One of Southbank's grandest proposals which was submitted during the peak of Melbourne's skyscraper run of 2014, and which garnered substantial media attention, has been heavily modified to meet concerns raised by planning authorities. Even with a considerable reduction in height and apartment yield, 334-344 City Road has found no favour in a report to the Future Melbourne (Planning) Committee which was tabled earlier this month.

Prepared by City of Melbourne's Planning Coordinator, the report urges Melbourne City Council to officially object 334-344 City Road to state body Department of Environment, Land, Water and Planning (or whatever they may be called this month). Amended plans were submitted during November 2014 in order to address concerns focusing around excessive height, ground level layout, traffic flow and overall tower form.

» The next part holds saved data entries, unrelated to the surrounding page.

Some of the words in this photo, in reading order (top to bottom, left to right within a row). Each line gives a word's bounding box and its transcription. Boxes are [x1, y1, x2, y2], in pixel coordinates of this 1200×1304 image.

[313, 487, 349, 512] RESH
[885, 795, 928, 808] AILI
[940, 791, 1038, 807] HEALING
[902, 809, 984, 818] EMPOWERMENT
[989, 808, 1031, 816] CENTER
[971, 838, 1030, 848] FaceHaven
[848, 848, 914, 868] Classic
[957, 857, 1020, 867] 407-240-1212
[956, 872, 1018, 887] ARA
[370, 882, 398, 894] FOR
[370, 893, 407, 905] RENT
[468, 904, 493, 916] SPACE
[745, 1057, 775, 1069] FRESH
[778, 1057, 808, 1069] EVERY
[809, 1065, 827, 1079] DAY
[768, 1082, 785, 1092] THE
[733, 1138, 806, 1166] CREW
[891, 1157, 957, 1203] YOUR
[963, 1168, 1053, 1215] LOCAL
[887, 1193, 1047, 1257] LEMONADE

Artist's impression of 334-344 City Road sans balconies. Image © Hayball

Points of difference

Nestled in between the north-west side of City Road, south-west side of Clarendon Street and north of the West Gate Freeway, major differences between 334-344 City Road's initial and revised schemes for the 1,600sqm site are outlines below:

July 2014 November 2014
82 levels 57 levels
270 metres 190 metres
198 hotel suites 110 serviced apartments
578 apartments 432 apartments
GFA 83,196sqm GFA 60,038sqm
154 car parking spaces 117 car parking spaces
  315 bicycle parking spaces

City of Melbourne on the revised 334-344 city road proposal

While the subject site is a suitable candidate for redevelopment, there are a number of significant issues with the current proposal that must be resolved prior to the granting of a permit.

The development by virtue of its height, setbacks and subsequent bulky building form is considered to overwhelm and dominate the City Road Street environs. Although higher built form can be found in Southbank it is concentrated west of Moore Street where the Melbourne Planning Scheme guides that this form of development is most appropriate.

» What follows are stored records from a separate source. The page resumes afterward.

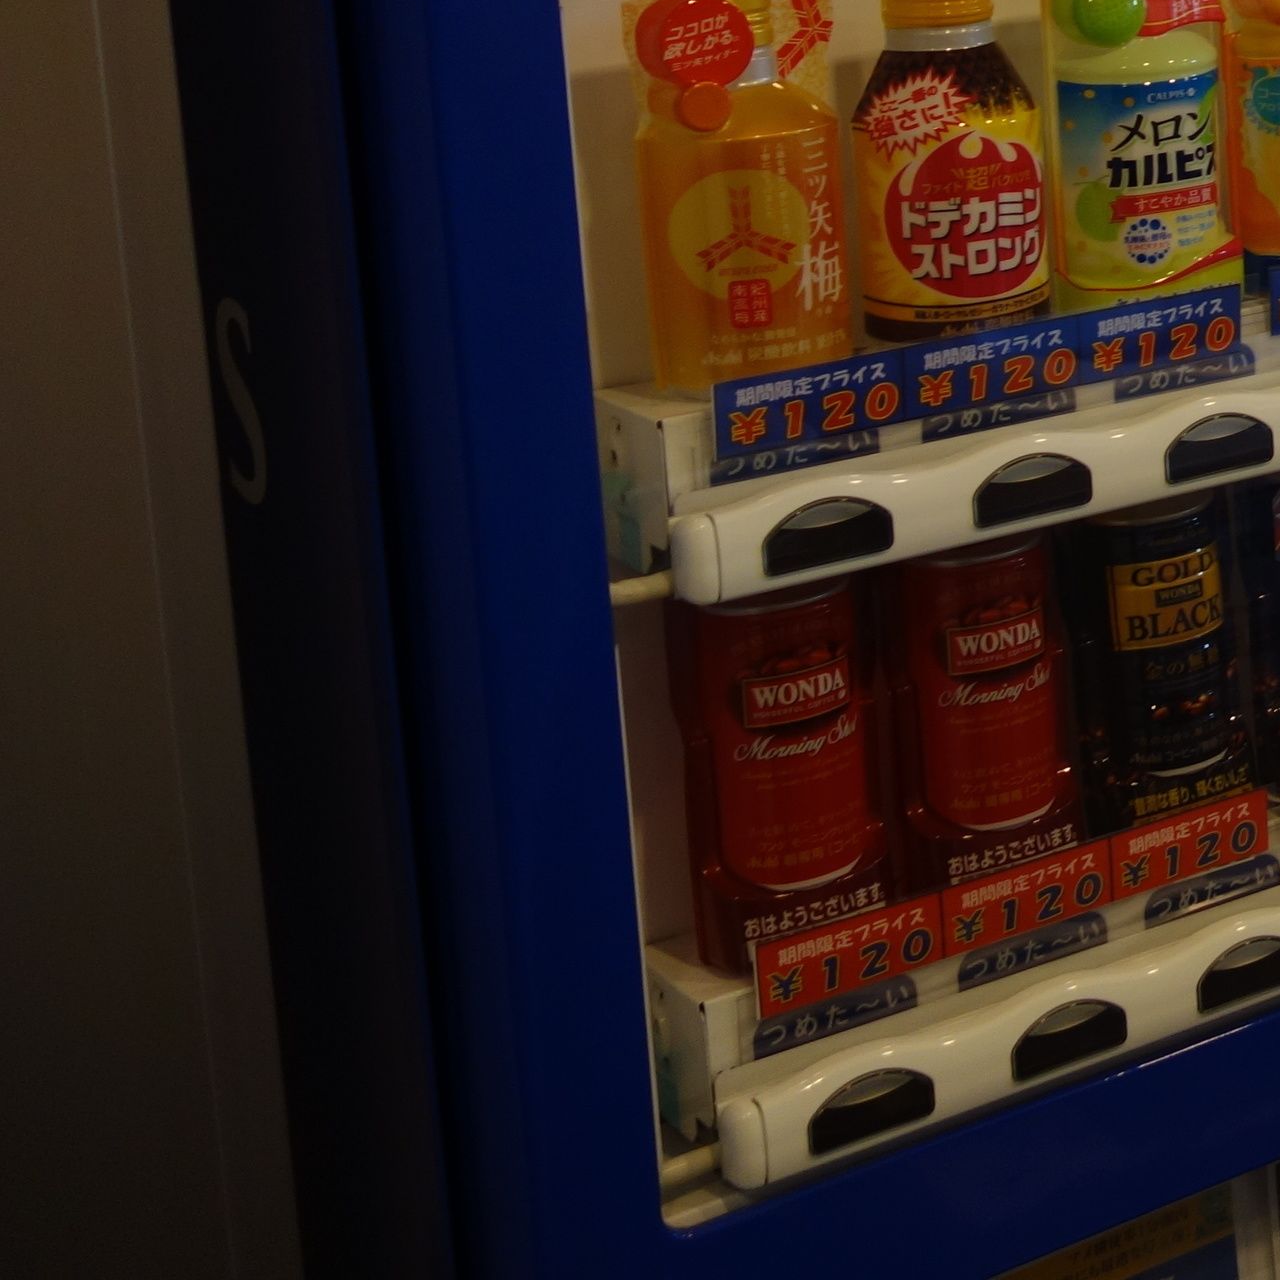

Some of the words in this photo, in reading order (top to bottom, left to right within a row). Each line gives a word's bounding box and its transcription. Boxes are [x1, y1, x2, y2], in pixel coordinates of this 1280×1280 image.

[663, 29, 735, 61] 欲しがる
[666, 12, 729, 41] ココロが
[1110, 113, 1212, 152] メロン
[901, 187, 1041, 240] ドデカミン
[1133, 187, 1212, 212] すこやか品質
[911, 223, 1041, 280] ストロング
[1093, 315, 1236, 373] ¥120
[917, 348, 1078, 407] ¥120
[728, 381, 900, 446] ¥120
[1131, 549, 1215, 588] GOLD
[956, 618, 1043, 659] WONDA
[1126, 592, 1222, 643] BLACK
[750, 669, 846, 711] WONDA
[1119, 820, 1258, 889] ¥120
[952, 870, 1105, 945] ¥120
[766, 926, 935, 1004] ¥120

The lack of variation in the built form and architectural expression (including the lack of variation in tower shape), also increases the perceived three dimensional massing of the building and contributes to the visual impact of the building. The applicant has also failed to undertake a cumulative assessment of the traffic impact of the development on the local road networks and it is considered that the proposal will impact on the safety and operational capacity of City Road and Clarendon Street, in the vicinity of the site.

The proposal fails to achieve short term stationary wind conditions along City Road and fails to satisfy the requirements of DDO1 (requirement for active street frontages)

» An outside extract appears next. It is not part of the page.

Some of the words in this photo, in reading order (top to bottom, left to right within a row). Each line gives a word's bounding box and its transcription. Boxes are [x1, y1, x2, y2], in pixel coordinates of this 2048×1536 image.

​Report to the Future Melbourne (Planning) Committee
Intended ground floorplan. Image © Hayball

On the issue of height the report goes delves into the discretionary height limits and the clear expectation that all planning application for the immediate area must "Achieve the design objectives of the schedule". Essentially a height of up to 100m is preferable, although excess height may be achieved where the following built form objectives are present:

  • Buildings that provide an appropriate transition to development in adjoining Areas to the south, west and east.
  • Buildings that do not dominate urban form in adjoining Areas.
  • The maintenance of the dominant streetscape scale.

The report asserts that in addition to excessive height, the above three objectives are not met.


The fact that other buildings may have been approved at heights over the 100m preferred height of Area 3, and the fact there are other buildings higher in other Areas with higher preferred heights, should not be an argument for such a proposal of extraordinary height variance.

The intent of the height control in Area 3 is for the control of building heights in Area 3. The proposed building height can only be considered in relation to the area it is within, not to other areas.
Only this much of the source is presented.